Stock up on healthy things to eat that are easy to grab and eat one handed.
Print birth announcement address labels beforehand; when you get the urge to send them, you won’t have to think about it too much.
Don’t take jeans for your journey home from the hospital, even if they are maternity jeans.
Ignore the scorn from other “righteous moms,” be strong in yourself. Even when you’re pregnant and everyone is telling you what to eat, drink, do, buy, and think. Even how to pee.
Your Newborn Arrives!
Let people hold the baby for you. You’ve got plenty of time, and you’ll appreciate the twenty minute nap more than you’ll remember not holding them for twenty minutes!
Sleep, eat, shower, everything else, in that order, whenever the baby doesn’t need you.
Let go of the guilt if you reach for formula, a pacifier, or a disposable diaper.
Going on an outing? Whenever you think you’ve packed enough nappies, wipes, changes of clothes, etc. to last the length of your trip, add around a third more.
Sometimes driving a baby around to get them to sleep works. Learn the drive-thru restaurants in your area so you can get the baby to sleep, go through the drive-thru window and eat in relative peace in the car while the baby sleeps.
Carry a change of clothes for yourself as well as for the baby. They often don’t confine their messes to themselves.
If you have a big baby, get an oversized baby blanket to swaddle the baby. The small ones just won’t do the trick.
Trust your doctor, but not blindly. YOU know your baby best.
Say no to visitors if you don’t feel up to it. They’ll get over it.

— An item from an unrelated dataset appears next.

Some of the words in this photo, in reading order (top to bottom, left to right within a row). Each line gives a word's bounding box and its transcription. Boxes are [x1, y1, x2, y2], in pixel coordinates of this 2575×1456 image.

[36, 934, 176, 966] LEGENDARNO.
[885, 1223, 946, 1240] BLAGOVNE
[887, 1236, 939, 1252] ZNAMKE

These three words can equal an extra hour sleep or more: velcro swaddle blankets.
Trust your own instincts, starting in the hospital when nurses and doctors can give you conflicting information, and continuing on when people yell at you on the street that you’re doing it wrong.
Don’t be too exacting with your spouse about baby-care; the two of you won’t do things precisely the same but the baby survives both methods and needs to bond with both of you and have two competent, confident, hands-on parents.

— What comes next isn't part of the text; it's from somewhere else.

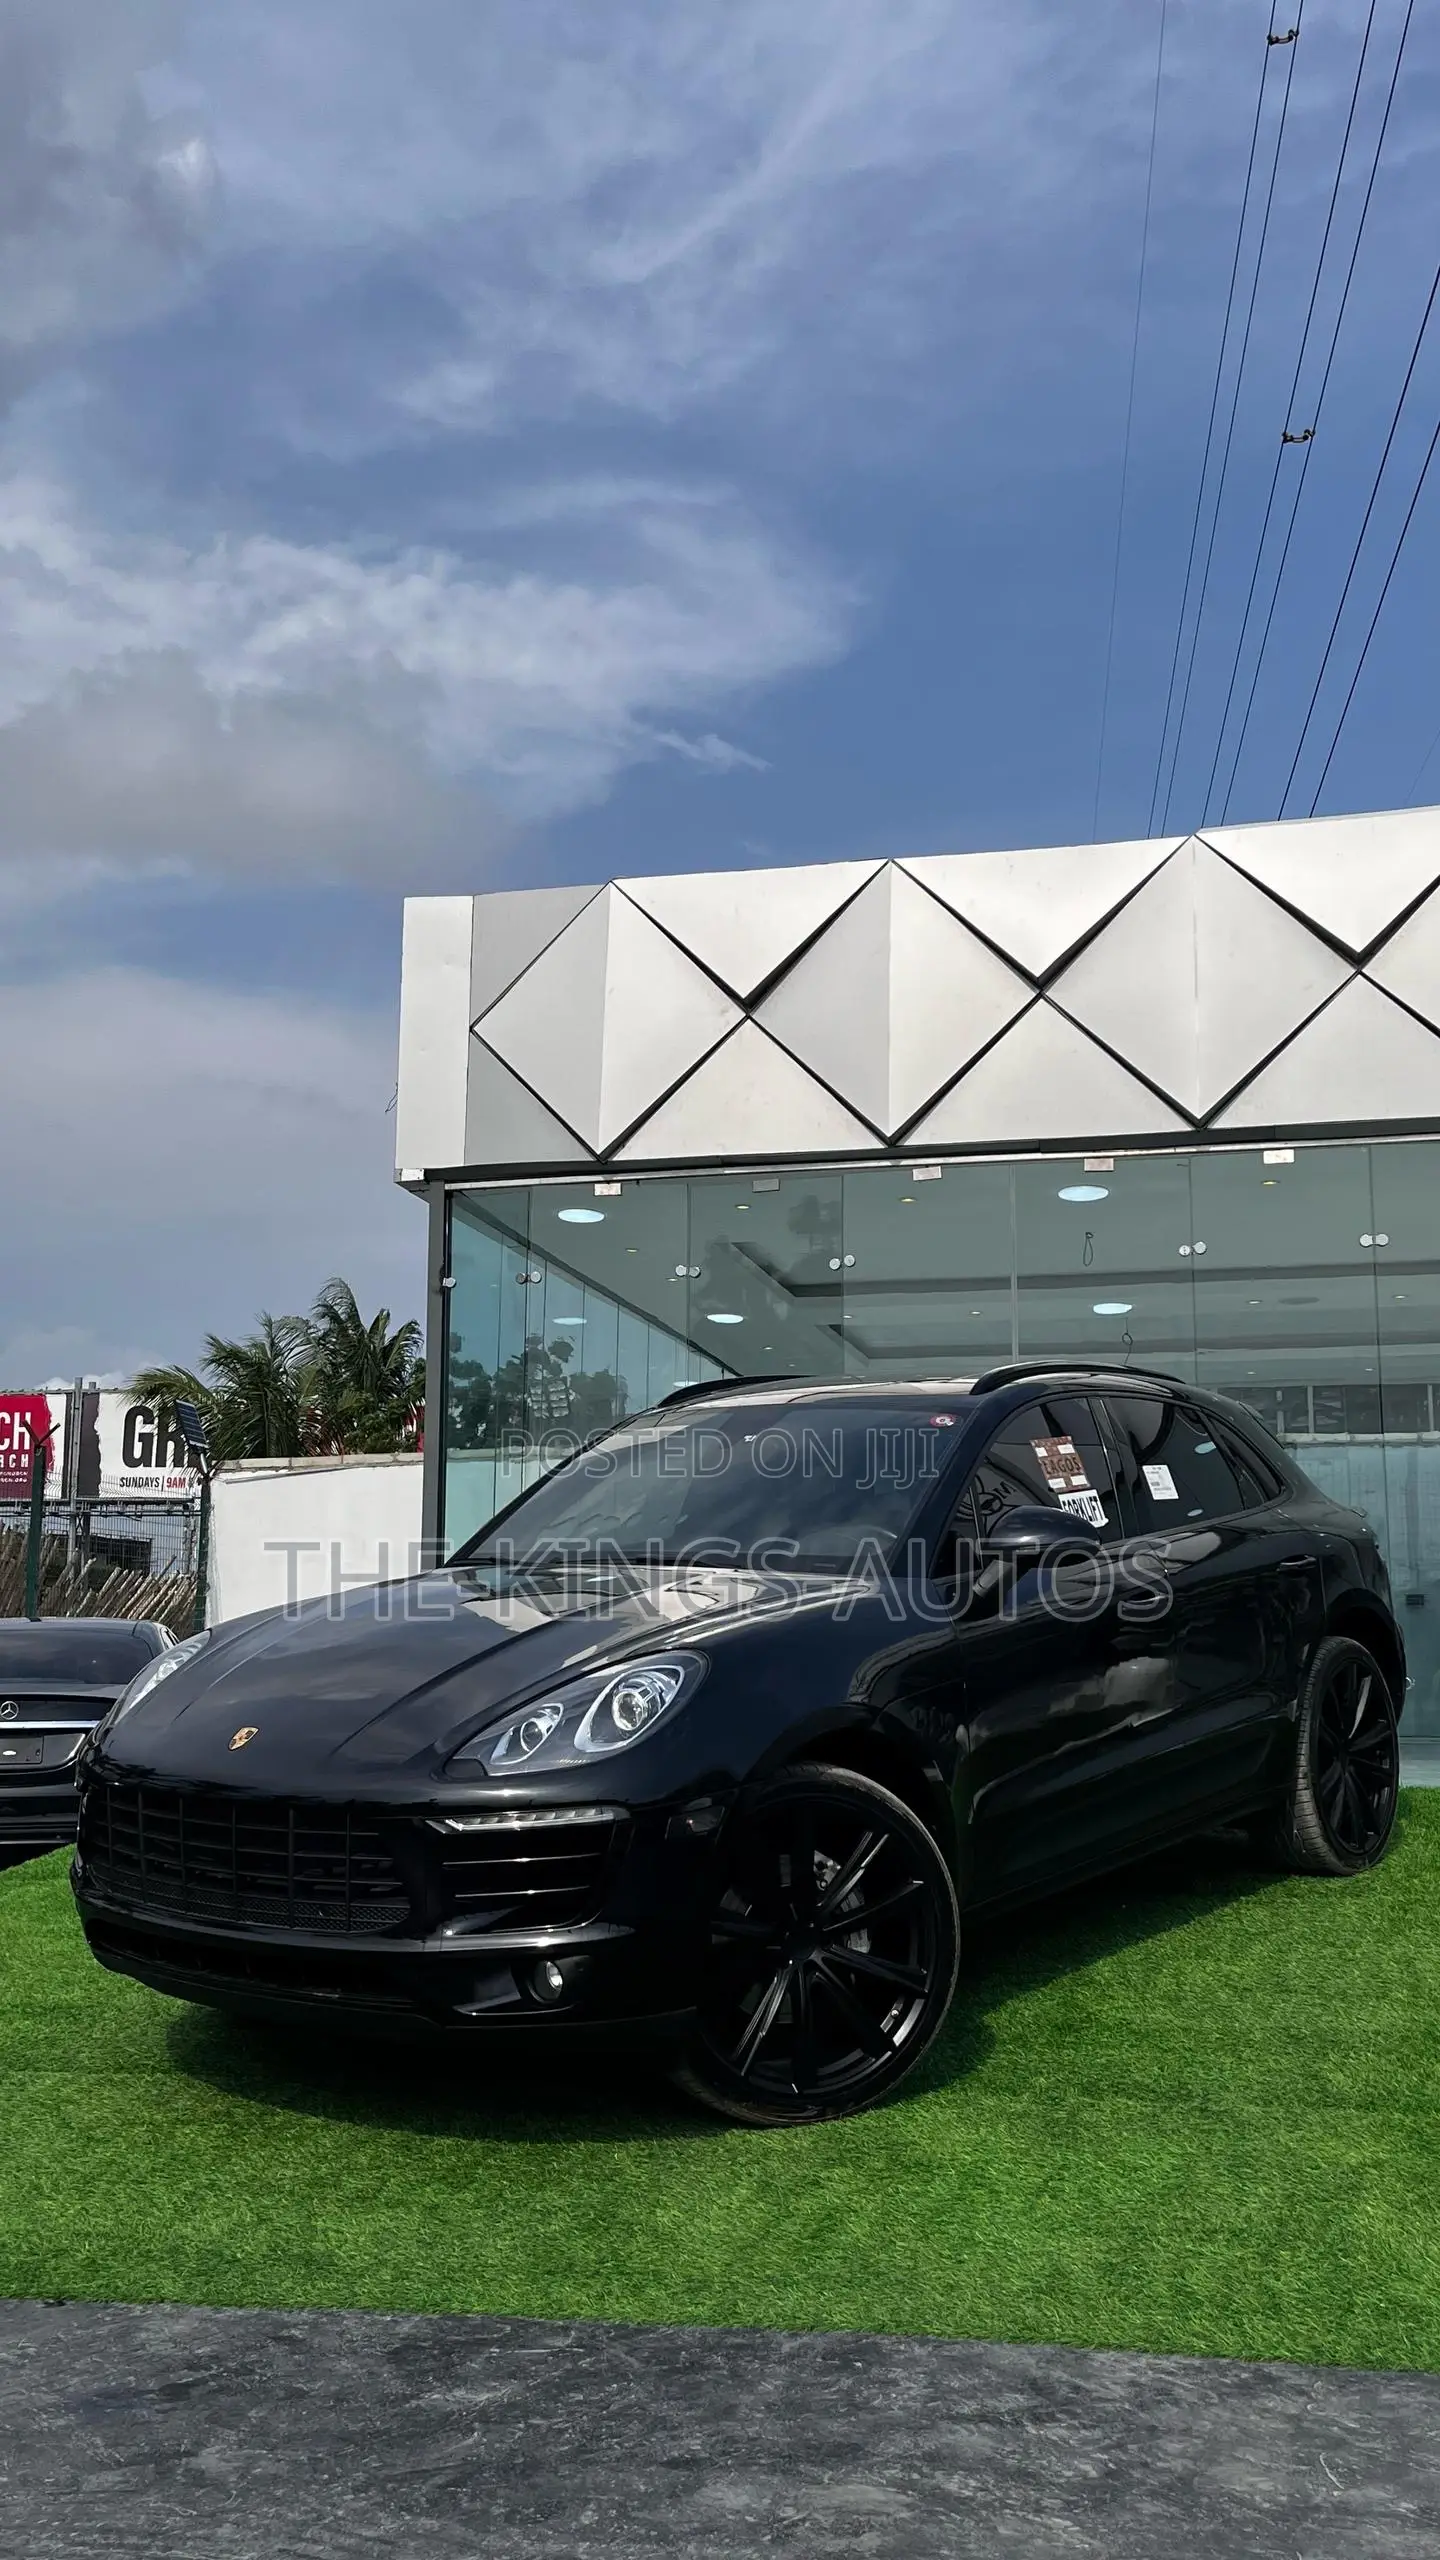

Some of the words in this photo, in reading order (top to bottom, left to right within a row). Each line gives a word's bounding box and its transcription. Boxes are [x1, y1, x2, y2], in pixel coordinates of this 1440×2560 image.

[1042, 1456, 1082, 1475] LAGOS
[119, 1476, 160, 1488] SUNDAYS
[166, 1476, 187, 1489] 9AM

Nap when the baby naps, or take some time just for yourself. For goodness’ sake, don’t clean or do laundry! It can wait.
Although it is vital to sleep when you get the chance, you may find it is equally important to have some “me” time occasionally. It’s okay to wish for a few minutes alone. Staying UP when you could be sleeping once in a while (not routinely) can help some of us feel like we are still in control of something.
Reading grown-up books, magazines and newspapers, playing video games, watching TV or movies with your baby helps to keep your sanity, which has a trickle-down effect on baby’s health.
Going Back to Work
If you’re going to be pumping for work, don’t buy a cheap pump.
If possible, see if you can get a webcam and make a video call to whoever is caring for your baby. You’ll be constantly thinking of your baby, and you’ll need the reassurance. If you time it just before you take a pump break, you’ll probably make more milk.
Look up safe handling instructions for milk and formula, so you know them before you have to use them.
Get your car seat checked out and installed before your baby is born, so you’re not fumbling with how to use it.
Bring a change of shirt and extra bra to work, just in case.
Sleep when you get home if you’re tired. It’s really okay to take naps at 6pm. Just because you’ve returned to the workaday schedule doesn’t mean you don’t still have a baby waking you up.